Scientists see sunspots forming 60,000 km below the Sun's surface!

Contributed by
Aug 19, 2011
<?xml encoding="utf-8" ?>

Sometimes I hear astronomy news that is cool, and sometimes I hear news that's very cool... and sometimes I hear news where my reaction is, "That's freaking insane!"

The latest news: scientists have used data tracking sound waves inside the Sun to see sunspots forming 60,000 kilometers (36,000 miles) deep in the Sun's interior, fully two days before the spots erupt onto the surface!

That's freaking insane.

OK, first, the video, then, the explanation.

[Make sure to set the resolution to 720p or 1080p to get the full effect.]

I love the last few seconds of that video; the rotation of the Sun sweeping the towering loops of magnetically-influenced plasma around to the limb is simply stunning.

So how does this all work? Sound waves.

Basically, inside the Sun, hot plasma (gas stripped of one or more electrons) rises and cooler plasma sinks. As it moves, it generates turbulence. This in turn creates acoustic waves -- sounds -- that travel through the Sun. As these waves move through the solar interior, regions with different densities make them speed up or slow down. The physics of this is pretty well understood, so by mapping how long it takes a wave to move between two points, the density of the stuff between them can be measured.

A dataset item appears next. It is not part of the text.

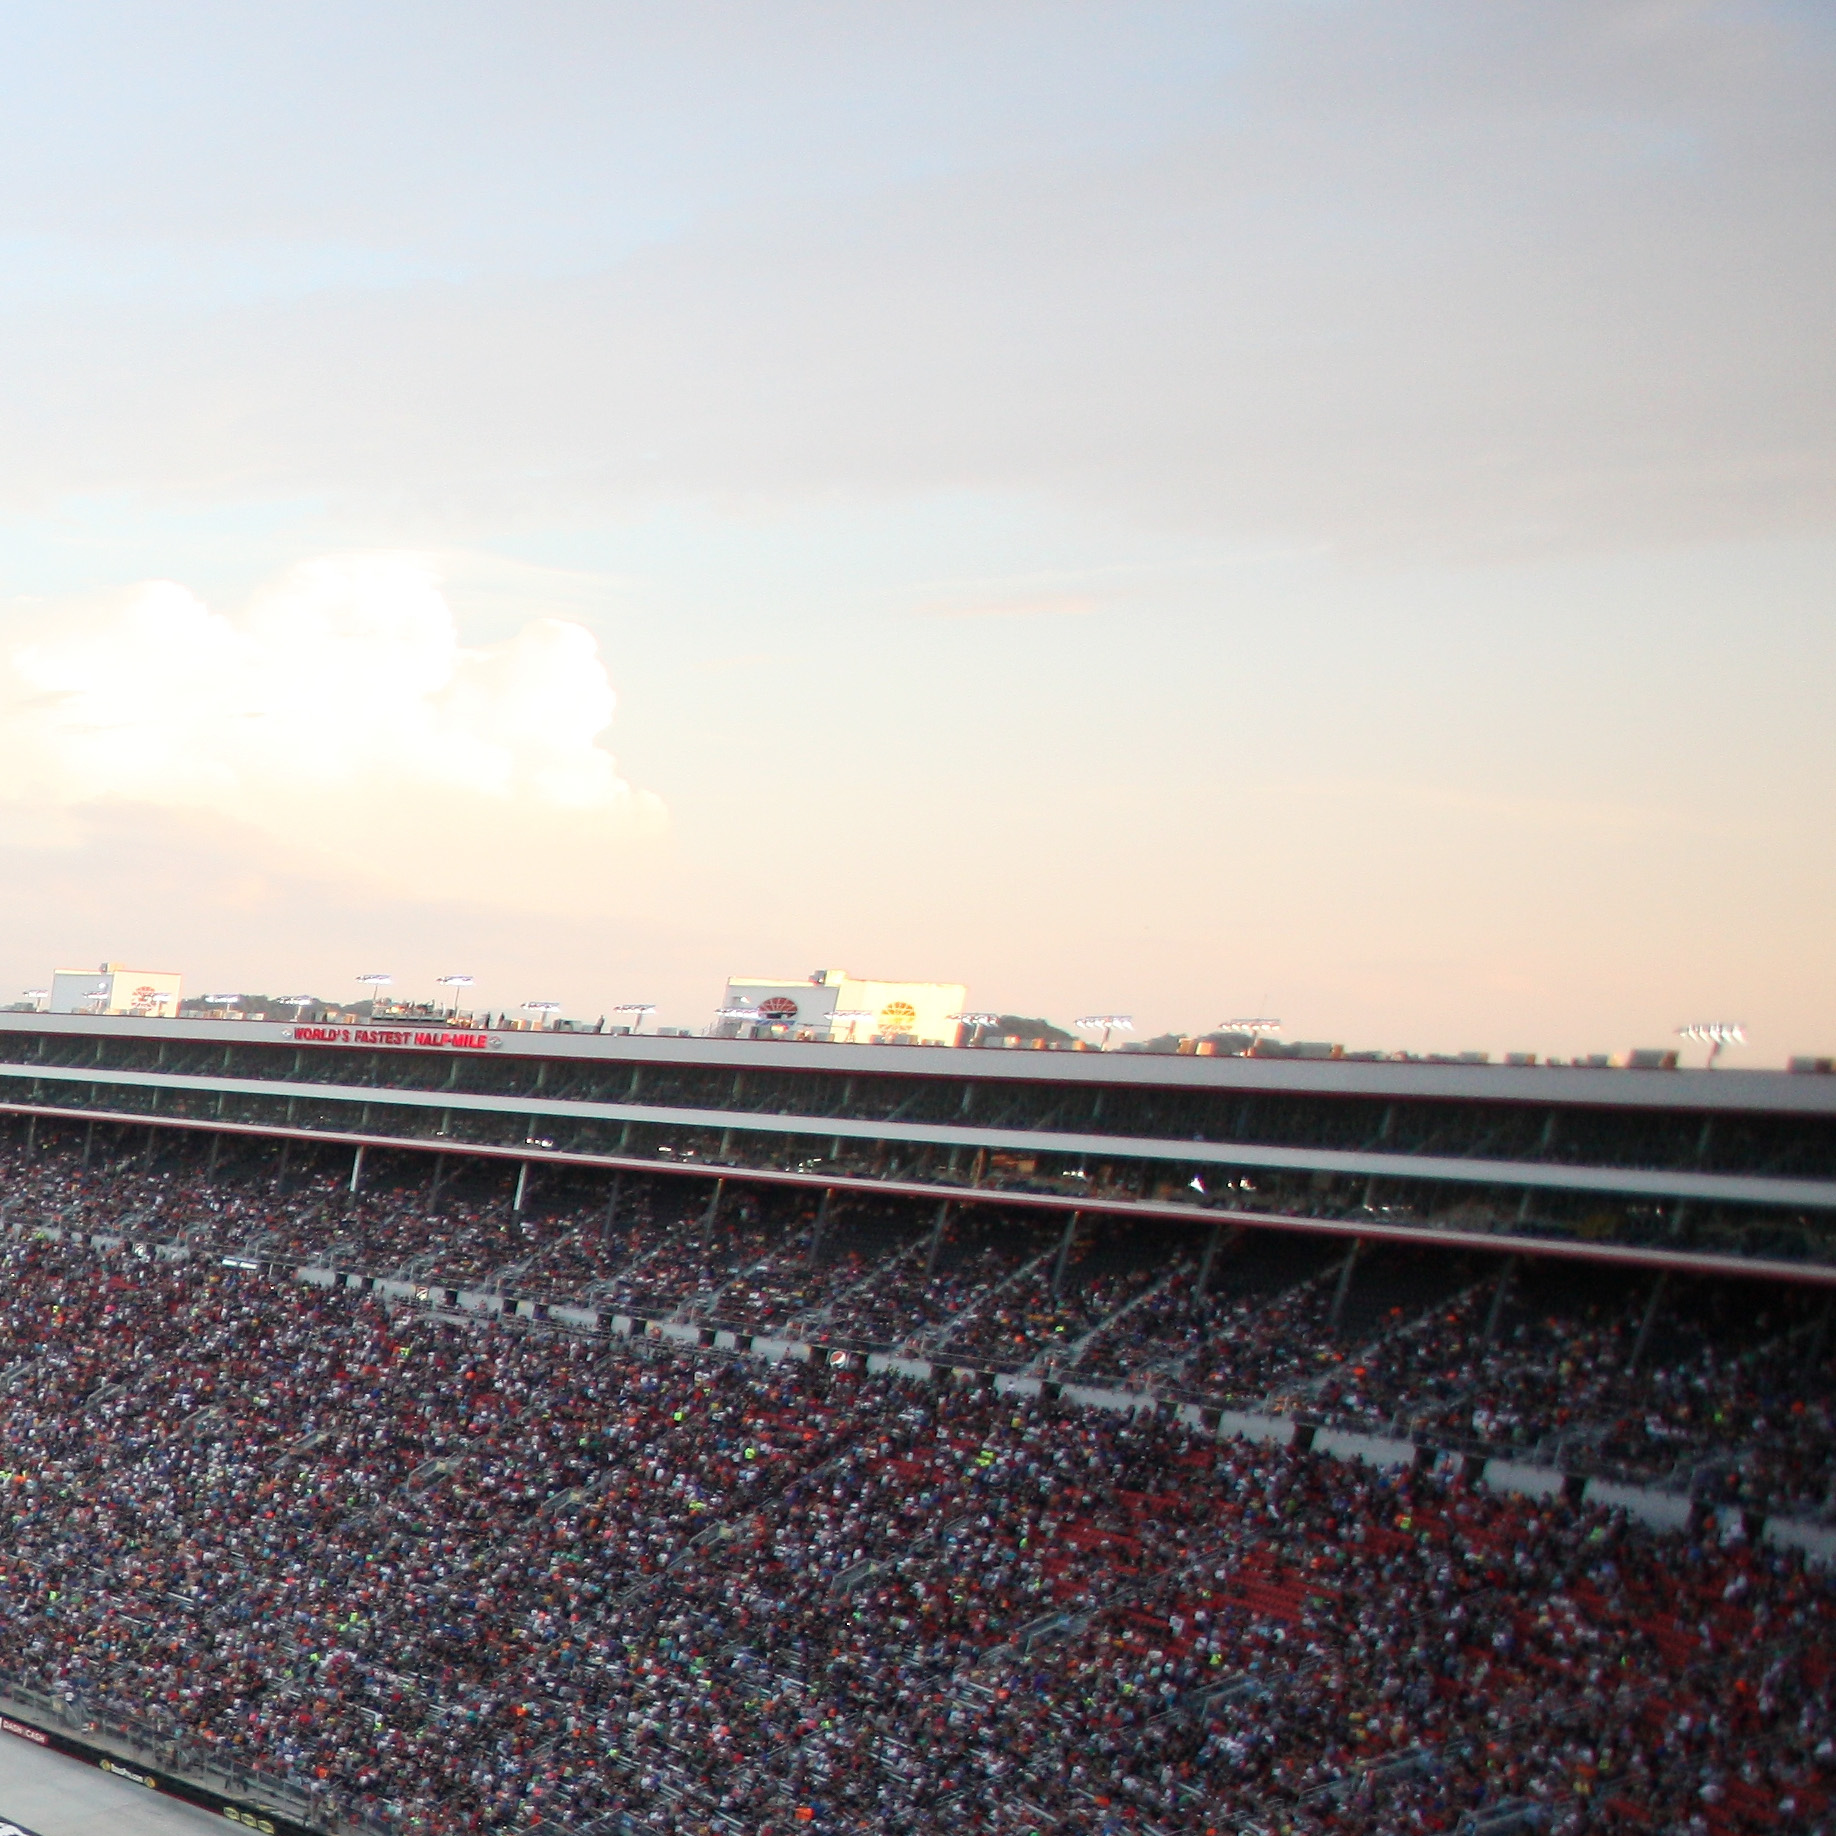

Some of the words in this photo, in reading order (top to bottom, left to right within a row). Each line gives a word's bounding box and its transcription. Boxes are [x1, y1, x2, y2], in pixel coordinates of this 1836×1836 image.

[294, 1027, 349, 1042] WORLD'S
[354, 1030, 411, 1044] FASTEST
[414, 1033, 487, 1048] HALF-MILE

On board the Solar and Heliospheric Observatory (SOHO) and the Solar Dynamics Observatory (SDO) are instruments that can measure the changes in the solar surface as these sound waves move around. There is a vast amount of data -- and I mean vast, millions of data points -- but by careful analysis that included eliminating a lot of sources of noise, the scientists were able to watch the sound waves change speed as they passed through the volume of plasma below the Sun's surface where sunspots were rising. They could detect this material 60,000 km deep -- that's nearly five times the diameter of the Earth! These nascent sunspots move upward at about 1000 - 2000 km/hr, faster than the speed of a jet airplane. At that speed, it takes about two days to rise to the surface... and presto, that's what's seen: the subsurface spot erupts through to the surface, where we can see them directly.

Sunspots are regions where the Sun's magnetic field is particularly intense, and the plasma is affected by this magnetism. The looping magnetic fields are embedded in the plasma as it rises to the surface, and the field lines pierce the surface, forming gigantic arcs. The spots are associated with the bases of those loops, as you can see in the video.

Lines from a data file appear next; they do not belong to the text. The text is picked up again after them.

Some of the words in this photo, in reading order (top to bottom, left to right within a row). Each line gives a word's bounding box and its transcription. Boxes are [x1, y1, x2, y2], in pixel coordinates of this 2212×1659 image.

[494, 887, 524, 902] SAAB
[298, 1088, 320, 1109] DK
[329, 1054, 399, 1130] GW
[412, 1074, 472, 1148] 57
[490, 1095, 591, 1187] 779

There are vast energies stored in these loops, and if those field lines get tangled up, they can snap, releasing that energy as explosive solar flares or enormous coronal mass ejections. Both of these are events of monumental power, sometimes giving off 10% of the total energy of the Sun itself! They also can hurl billions of tons of subatomic particles toward the Earth at large fractions of the speed of light, affecting our power grid and satellites.

Obviously, having two more days advance warning on sunspot formation would be a Very Good Thing.

The scientists doing this work have done it successfully for four forming sunspots so far. The method appears to work pretty well, and I hope it can be refined and sped up to give us more warning. Last week I was visiting the Big Bear solar observatory to film an interview, and noticed that the spot that blew off several flares was moving off to the far side of the Sun, but there were several spots still marring the surface. One of them, Active Region 1263, blew its lid just days later. How cool would it be to know that was coming, days before the spot itself was even visible?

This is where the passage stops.